TEST BENCH FOR WEB
Color temperature (Low color temperature and Natural mode before/after calibration)
Low window (20-IRE): 5,779/6,457 K
High window (80-IRE): 5,848/6,439 K
Brightness (100-IRE window before/after calibration): 136/43.1 ftL
The Natural picture preset on the WD-52627 automatically engages the Low color-temperature mode, which measured consistently lower (redder) - an average of about 670 K lower than the standard of 6,500 Kelvin. The grayscale remained extremely consistent after calibration at all light levels, varying by only 45 K from the ideal. (Calibration needs to be performed by a qualified technician, so discuss it with your dealer before purchase, or call the Imaging Science Foundation at 561-997-9073.)
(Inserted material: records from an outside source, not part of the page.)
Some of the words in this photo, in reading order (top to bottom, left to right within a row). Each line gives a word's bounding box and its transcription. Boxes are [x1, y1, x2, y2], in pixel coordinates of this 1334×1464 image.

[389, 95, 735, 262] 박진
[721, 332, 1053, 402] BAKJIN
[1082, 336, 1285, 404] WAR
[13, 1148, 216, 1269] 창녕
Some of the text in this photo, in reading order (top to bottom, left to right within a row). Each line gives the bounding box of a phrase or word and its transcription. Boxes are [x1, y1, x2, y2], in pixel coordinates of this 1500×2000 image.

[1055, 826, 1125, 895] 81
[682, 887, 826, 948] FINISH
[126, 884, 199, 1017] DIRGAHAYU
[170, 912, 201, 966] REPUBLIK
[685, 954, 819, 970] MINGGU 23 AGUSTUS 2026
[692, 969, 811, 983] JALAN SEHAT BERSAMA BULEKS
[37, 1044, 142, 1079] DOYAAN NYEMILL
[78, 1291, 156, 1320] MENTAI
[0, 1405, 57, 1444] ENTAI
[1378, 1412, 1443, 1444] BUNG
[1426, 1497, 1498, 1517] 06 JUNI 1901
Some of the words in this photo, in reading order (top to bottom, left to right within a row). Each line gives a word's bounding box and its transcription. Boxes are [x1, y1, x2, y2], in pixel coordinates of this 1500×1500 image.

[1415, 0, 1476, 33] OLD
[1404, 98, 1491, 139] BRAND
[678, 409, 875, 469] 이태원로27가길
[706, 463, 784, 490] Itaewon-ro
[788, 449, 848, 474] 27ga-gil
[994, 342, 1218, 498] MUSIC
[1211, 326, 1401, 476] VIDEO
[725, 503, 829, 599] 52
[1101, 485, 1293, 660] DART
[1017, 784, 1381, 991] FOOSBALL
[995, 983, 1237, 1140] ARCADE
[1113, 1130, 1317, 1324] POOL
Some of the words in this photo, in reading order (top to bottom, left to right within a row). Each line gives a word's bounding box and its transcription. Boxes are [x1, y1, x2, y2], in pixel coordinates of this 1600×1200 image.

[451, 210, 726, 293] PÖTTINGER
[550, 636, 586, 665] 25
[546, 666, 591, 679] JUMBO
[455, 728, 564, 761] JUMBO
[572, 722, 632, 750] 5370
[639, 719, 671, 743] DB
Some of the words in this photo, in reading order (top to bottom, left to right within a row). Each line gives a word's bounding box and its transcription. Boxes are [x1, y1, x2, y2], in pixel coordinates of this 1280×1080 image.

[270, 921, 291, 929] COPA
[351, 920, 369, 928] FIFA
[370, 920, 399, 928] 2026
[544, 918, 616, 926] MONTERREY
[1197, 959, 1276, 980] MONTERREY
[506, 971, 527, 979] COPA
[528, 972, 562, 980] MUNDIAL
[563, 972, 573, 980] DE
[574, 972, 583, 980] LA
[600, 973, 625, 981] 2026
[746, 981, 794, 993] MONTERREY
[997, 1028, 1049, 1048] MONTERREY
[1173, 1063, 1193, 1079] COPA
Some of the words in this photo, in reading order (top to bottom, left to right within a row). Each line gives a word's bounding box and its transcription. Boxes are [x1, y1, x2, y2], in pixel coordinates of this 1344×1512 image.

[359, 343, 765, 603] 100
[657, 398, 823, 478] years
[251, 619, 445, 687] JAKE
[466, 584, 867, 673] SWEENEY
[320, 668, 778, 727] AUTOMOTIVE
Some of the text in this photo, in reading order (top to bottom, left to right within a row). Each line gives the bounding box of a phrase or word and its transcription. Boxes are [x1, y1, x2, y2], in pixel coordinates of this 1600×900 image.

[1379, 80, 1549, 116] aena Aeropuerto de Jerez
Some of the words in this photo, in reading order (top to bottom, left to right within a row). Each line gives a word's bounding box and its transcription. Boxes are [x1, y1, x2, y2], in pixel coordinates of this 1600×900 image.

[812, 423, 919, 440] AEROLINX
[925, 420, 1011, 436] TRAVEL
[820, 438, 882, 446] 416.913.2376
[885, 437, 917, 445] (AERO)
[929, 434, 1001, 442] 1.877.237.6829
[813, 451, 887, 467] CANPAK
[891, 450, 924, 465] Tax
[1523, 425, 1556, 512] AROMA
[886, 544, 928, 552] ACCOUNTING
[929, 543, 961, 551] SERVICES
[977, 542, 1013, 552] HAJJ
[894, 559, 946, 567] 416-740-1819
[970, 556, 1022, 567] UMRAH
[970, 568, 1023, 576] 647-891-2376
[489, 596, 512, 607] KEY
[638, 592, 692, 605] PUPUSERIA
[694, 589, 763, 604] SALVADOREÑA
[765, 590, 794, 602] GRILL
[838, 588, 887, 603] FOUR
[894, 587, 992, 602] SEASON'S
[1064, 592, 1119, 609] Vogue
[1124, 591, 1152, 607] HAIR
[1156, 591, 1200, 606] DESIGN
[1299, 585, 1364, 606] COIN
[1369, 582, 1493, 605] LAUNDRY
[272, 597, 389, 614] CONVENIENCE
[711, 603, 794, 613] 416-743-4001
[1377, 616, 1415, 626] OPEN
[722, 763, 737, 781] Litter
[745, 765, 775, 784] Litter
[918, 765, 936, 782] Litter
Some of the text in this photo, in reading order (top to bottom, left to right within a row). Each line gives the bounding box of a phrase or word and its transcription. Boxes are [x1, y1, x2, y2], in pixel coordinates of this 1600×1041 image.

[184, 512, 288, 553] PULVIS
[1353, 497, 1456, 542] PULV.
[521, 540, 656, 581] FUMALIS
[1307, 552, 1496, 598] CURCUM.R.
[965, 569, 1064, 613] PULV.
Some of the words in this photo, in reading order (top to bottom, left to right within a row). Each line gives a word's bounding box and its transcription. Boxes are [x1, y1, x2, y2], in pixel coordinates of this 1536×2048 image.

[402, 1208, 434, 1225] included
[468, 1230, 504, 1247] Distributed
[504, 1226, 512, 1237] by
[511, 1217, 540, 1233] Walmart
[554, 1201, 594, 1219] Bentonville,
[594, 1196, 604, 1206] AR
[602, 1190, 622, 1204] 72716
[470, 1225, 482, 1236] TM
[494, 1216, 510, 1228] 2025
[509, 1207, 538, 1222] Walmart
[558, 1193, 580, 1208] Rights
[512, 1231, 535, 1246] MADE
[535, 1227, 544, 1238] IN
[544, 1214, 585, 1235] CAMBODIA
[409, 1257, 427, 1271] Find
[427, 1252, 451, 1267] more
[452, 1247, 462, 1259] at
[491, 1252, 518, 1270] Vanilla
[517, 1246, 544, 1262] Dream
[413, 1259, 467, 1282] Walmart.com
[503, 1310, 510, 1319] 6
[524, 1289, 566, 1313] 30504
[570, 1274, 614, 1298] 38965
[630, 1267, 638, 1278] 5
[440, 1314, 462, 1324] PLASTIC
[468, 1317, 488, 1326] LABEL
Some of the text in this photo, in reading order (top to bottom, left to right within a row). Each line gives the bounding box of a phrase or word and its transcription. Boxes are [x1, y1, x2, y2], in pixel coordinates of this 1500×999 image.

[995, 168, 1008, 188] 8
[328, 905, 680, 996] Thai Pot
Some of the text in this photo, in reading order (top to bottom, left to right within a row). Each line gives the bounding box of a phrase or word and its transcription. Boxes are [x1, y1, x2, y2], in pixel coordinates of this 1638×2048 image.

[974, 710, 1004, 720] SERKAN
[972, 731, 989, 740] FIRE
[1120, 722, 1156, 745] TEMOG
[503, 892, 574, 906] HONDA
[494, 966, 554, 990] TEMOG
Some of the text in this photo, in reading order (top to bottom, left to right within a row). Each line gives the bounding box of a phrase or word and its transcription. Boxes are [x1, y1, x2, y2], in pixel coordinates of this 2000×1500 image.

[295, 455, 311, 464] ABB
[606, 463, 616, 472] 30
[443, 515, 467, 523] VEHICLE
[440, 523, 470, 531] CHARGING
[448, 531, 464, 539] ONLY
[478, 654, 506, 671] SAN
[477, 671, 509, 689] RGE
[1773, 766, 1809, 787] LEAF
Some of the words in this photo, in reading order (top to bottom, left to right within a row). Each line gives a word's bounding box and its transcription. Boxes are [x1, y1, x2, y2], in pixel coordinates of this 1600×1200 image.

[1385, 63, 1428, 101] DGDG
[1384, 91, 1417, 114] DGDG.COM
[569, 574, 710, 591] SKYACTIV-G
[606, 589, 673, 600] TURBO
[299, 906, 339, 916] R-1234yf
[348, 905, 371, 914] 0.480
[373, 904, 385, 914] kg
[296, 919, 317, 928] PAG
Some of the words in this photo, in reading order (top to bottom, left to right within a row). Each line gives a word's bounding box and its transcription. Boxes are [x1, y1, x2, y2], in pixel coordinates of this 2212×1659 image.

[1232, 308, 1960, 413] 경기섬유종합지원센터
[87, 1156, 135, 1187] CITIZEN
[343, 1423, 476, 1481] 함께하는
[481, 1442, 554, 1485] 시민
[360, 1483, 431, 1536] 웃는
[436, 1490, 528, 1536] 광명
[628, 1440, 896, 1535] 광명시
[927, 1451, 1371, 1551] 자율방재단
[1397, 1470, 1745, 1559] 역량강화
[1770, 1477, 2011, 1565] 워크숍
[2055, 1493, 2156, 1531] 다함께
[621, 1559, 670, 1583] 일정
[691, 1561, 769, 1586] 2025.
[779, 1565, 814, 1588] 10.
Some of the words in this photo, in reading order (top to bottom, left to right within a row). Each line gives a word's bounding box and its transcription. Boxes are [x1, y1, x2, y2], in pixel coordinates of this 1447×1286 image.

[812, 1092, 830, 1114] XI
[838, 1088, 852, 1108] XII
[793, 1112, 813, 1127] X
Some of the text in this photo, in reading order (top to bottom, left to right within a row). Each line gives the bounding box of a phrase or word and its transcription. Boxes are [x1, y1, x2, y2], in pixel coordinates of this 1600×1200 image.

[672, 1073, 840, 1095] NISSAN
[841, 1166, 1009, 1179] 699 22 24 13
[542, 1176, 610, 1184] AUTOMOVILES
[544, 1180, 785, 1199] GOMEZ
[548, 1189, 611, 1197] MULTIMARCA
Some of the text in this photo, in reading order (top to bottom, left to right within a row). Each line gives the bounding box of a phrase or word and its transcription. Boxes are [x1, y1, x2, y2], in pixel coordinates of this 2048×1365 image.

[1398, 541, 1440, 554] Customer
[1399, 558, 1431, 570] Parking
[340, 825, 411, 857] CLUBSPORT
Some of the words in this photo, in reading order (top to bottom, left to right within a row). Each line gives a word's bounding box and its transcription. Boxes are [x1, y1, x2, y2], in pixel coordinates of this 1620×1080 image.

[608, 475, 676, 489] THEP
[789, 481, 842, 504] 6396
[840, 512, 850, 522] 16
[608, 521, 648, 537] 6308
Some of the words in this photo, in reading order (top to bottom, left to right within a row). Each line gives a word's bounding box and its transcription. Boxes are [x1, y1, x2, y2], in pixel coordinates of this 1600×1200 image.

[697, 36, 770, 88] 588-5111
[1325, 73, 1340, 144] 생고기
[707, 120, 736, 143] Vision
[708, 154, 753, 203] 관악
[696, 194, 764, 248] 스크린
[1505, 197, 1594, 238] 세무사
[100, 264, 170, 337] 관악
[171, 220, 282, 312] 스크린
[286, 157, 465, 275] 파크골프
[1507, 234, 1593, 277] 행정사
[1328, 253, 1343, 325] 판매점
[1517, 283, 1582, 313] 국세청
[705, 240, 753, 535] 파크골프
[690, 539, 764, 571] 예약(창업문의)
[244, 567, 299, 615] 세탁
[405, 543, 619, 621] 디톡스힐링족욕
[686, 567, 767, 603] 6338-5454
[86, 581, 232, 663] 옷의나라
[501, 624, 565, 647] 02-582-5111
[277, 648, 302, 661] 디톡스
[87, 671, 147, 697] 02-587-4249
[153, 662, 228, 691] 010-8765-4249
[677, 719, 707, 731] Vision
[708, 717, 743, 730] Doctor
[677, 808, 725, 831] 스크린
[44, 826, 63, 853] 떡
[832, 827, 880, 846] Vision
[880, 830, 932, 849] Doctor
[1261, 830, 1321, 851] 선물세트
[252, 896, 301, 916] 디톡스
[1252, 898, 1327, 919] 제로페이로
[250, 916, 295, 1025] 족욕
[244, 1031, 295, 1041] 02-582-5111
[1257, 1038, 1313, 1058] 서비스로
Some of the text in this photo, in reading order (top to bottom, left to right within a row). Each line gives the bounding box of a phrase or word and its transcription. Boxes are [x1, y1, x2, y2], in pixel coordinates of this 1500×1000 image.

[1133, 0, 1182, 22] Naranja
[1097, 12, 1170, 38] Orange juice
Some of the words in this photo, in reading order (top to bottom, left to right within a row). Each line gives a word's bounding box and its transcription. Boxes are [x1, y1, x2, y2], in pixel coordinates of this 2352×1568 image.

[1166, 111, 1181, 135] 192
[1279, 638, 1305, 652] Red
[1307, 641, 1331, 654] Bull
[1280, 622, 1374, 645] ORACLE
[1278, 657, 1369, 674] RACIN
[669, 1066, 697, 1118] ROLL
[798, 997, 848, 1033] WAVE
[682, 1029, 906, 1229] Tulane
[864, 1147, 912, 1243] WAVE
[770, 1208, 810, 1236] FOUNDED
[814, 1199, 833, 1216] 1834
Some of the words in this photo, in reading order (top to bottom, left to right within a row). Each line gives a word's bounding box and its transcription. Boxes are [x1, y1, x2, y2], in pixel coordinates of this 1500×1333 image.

Like most DLP televisions, the WD-52627 was extremely bright out of the box, and even the Natural setting comes with contrast set at maximum. I tamed it for critical viewing in the dark, which made the image bearable. The set reproduced the full range of black to white via all of its inputs, including HDMI. Color decoding out of the box was good, with a 5% bias in red and a -5% bias in green according to the color-decoder check from the Sencore VP403 HDTV signal generator, but after adjustment it was close to dead-on. Brightness uniformity was good, with minor hot-spotting toward the middle of the screen.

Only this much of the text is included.